I have a DirectSolver handling the coupling between LLTForces and ImplicitLiftingLine, and an LNBGS solver handling the coupling between LiftingLineGroup and TestCL.
The gist for the problem is here: https://gist.github.com/eufren/31c0e569ed703b2aea3e2ef5360610f7
I have implemented guess_nonlinear() on ImplicitLiftingLine, which should use various outputs from LLTGeometry to give a good initial guess for the vortex strengths based on a linearised form of the governing equations.
def guess_nonlinear(self, inputs, outputs, resids):
freestream_unit_vector = inputs['freestream_unit_vector']
freestream_velocity = inputs['freestream_velocity']
n = inputs['normal_vectors']
A = inputs['surface_areas']
l = inputs['bound_vortices']
ic_tot = inputs['influence_coefficients_total']
v_inf = freestream_velocity
v_inf_vec = v_inf*freestream_unit_vector
lin_numerator = np.pi * v_inf * A * np.sum(n * v_inf_vec, axis=1)
lin_denominator = (np.linalg.norm(np.cross(v_inf_vec, l), axis=1) - np.pi * v_inf * A * np.sum(np.sum(n * ic_tot, axis=2), axis=1))
lin_vtx_str = lin_numerator / lin_denominator
outputs['vortex_strengths'] = lin_vtx_str
However, when the problem is run for the first time, any inputs not explicitly set with p.set_val() are all 1s. This causes guess_nonlinear() to give a bad output and so the system fails to converge:
As far as I can tell, the execution order for the LLT group is correct, and the geometry components should be being executed before the implicit component. I'm confused as to why this doesn't seem to actually be happening when the code is run, and instead these inputs are taking their default values.
What do I need to change to get this to work properly? Additionally, I've found difficulty in getting LNBGS to converge (hence adding guess_nonlinear()) during optimisation - only DirectSolver gets all the way through the optimisation without issues, but it's very slow for large numbers of LLT nodes). How can I improve the linear and nonlinear solver selection, and improve the reliability of the iterative solver?

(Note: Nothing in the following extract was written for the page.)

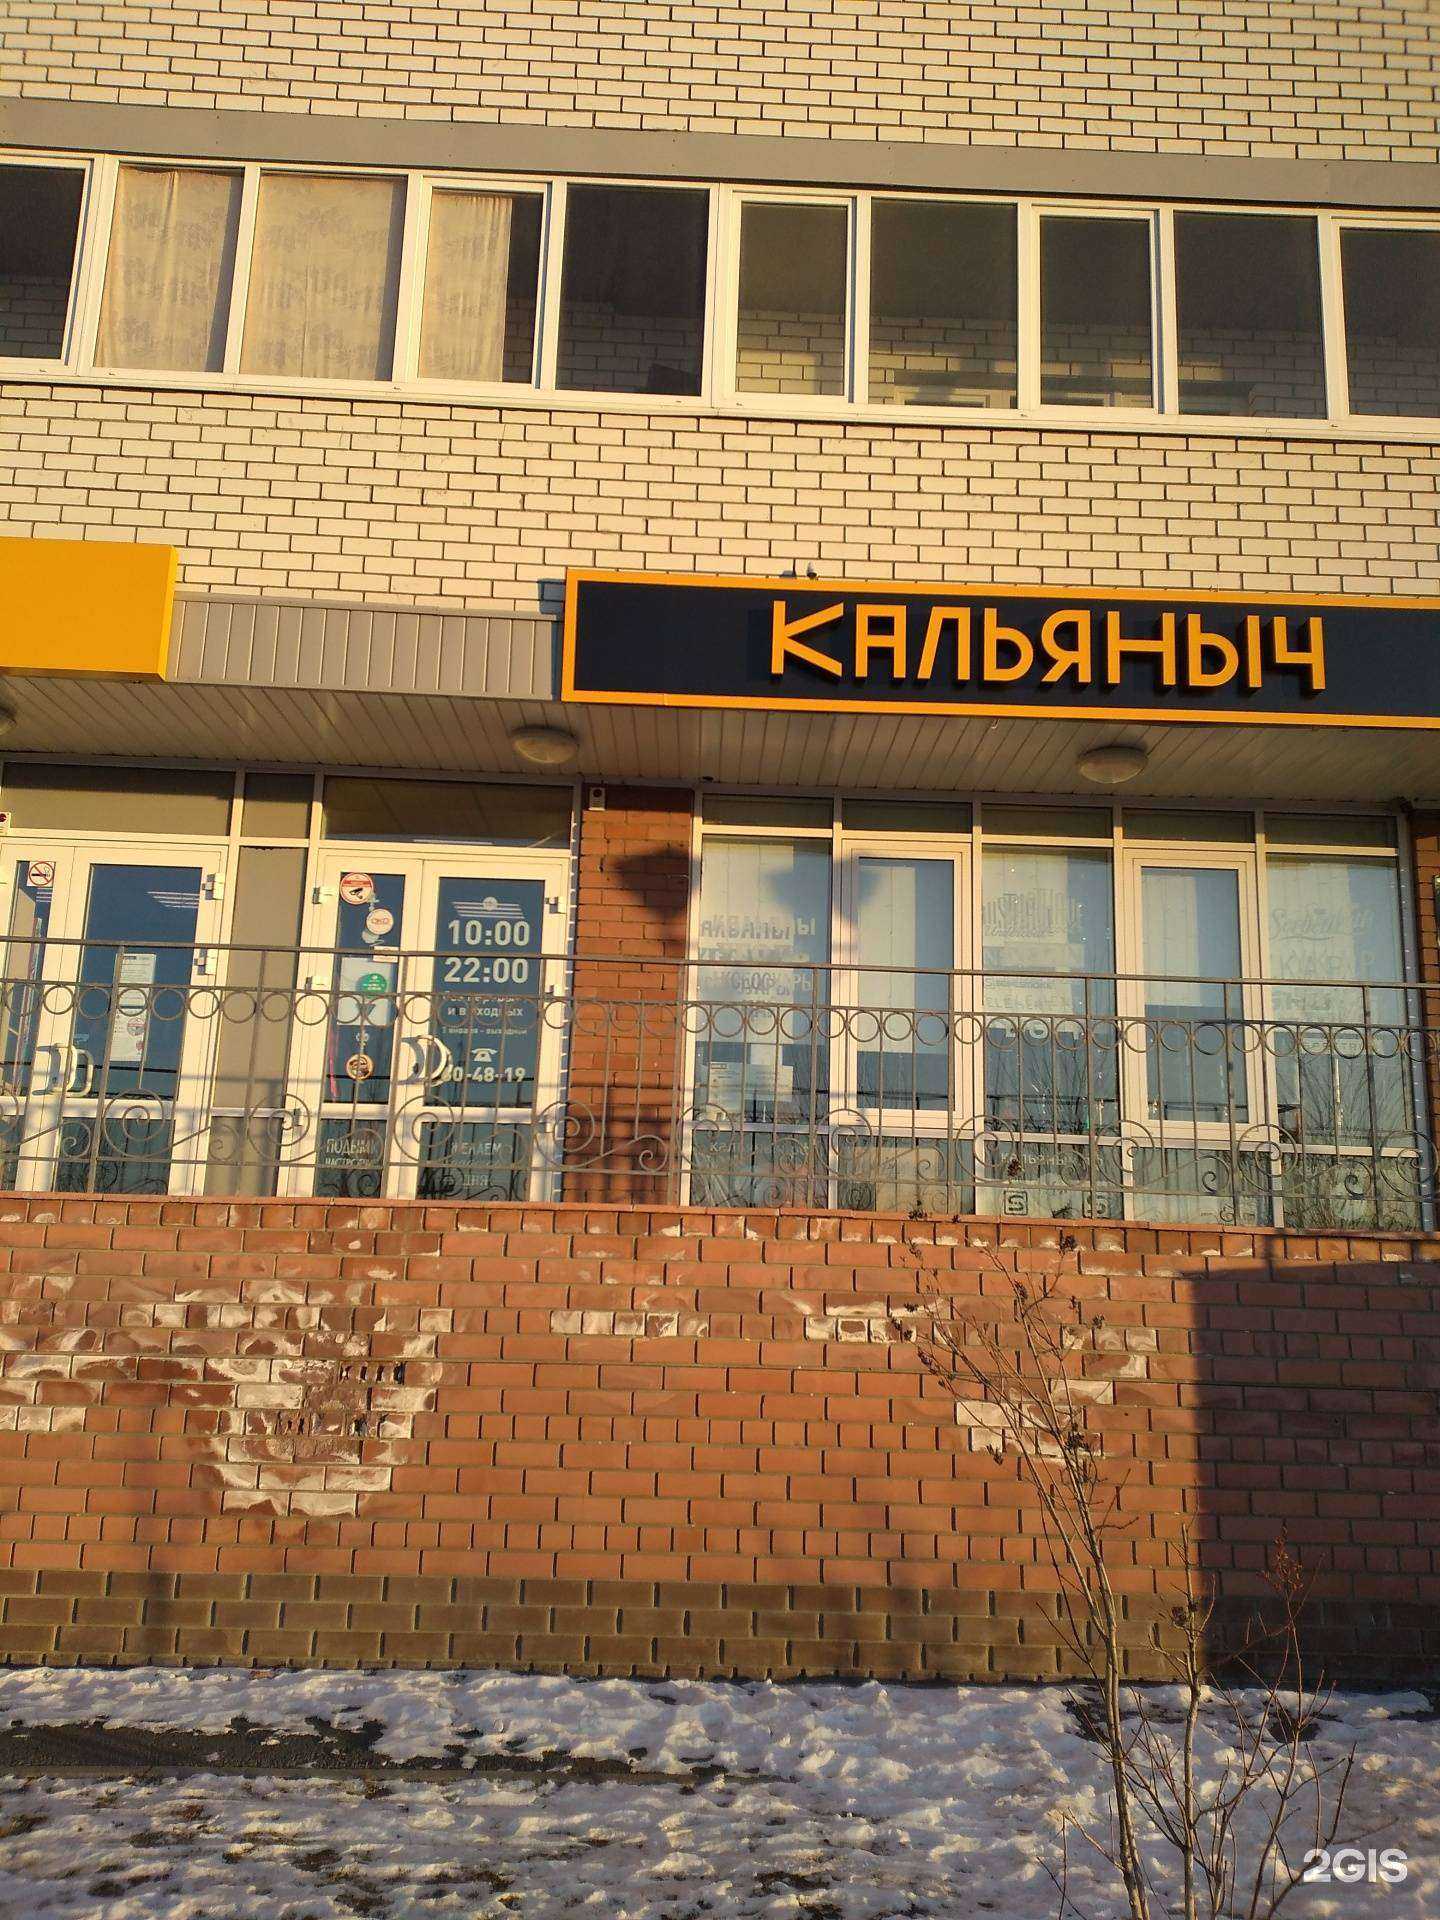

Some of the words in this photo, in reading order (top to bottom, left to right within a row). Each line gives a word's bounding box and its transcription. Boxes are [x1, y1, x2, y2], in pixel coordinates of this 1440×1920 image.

Note: Thanks for providing a testable example. It made figuring out the answer to your question a lot simpler. Your problem was a bit subtle and I would not have been able to give a good answer without runnable code
Your first question: "Why are all the inputs 1"
"Short" Answer
You have put the nonlinear solver to high in the model hierarchy, which then included a key precurser component that computed your input values. By moving the solver down to a lower level of the model, I was able to ensure that the precurser component (LTTGeometry) ran and had valid outputs before you got to the guess_nonlinear of implicit component.
Here is what you had (Notice the implicit solver included LTTGeometry even though the data cycle does not require that component:
I moved both the nonlinear solver and the linear solver down into the LTTCycle group, which then allows the LTTGeometry component to execute before getting to the nonlinear solver and guess_nonlinear step:
My fix is only partially correct, since there is a secondary cycle from the TestCL component that also needs a solver and does not have one. However, that cycle still does not involve the LTTGeometry group. So the fully correct fix is to restructure you model top run geometry first, and then put the LTTCycle and TestCL groups together so you can run a solver over just them. That was a bit more hacking than I wanted to do on your test problem, but you can see the general idea from the adjusted N2 above.
Long Answer
The guess_nonlinear sequence in OpenMDAO does NOT run the compute method of explicit components or of groups. It follows the execution hierarchy, and calls any guess_nonlinear that it finds. So that means that any explicit components you have in your model will NOT get executed, their outputs will not get updated with computed values, and those computed values will not get passed to the inputs of downstream components.
Things get a little tricky when you have deep model hierarchies. The guess_nonlinear method is called as the first step in the nonlinear solver process. If you have a NonLinearRunOnce solver at the top level, it will follow the compute chain down the line calling compute or solve_nonlinear on each child and doing a data transfer after each one. If one of those children happens to be a group with a nonlinear solver, then that solver will call guess_nonlinear on its children (grandchildren of the top group with the NonLinearRunOnce solver) as the first step. So any outputs that were computed by the siblings of this group will be valid, but none of the outputs from the grandchild level will have been computed yet.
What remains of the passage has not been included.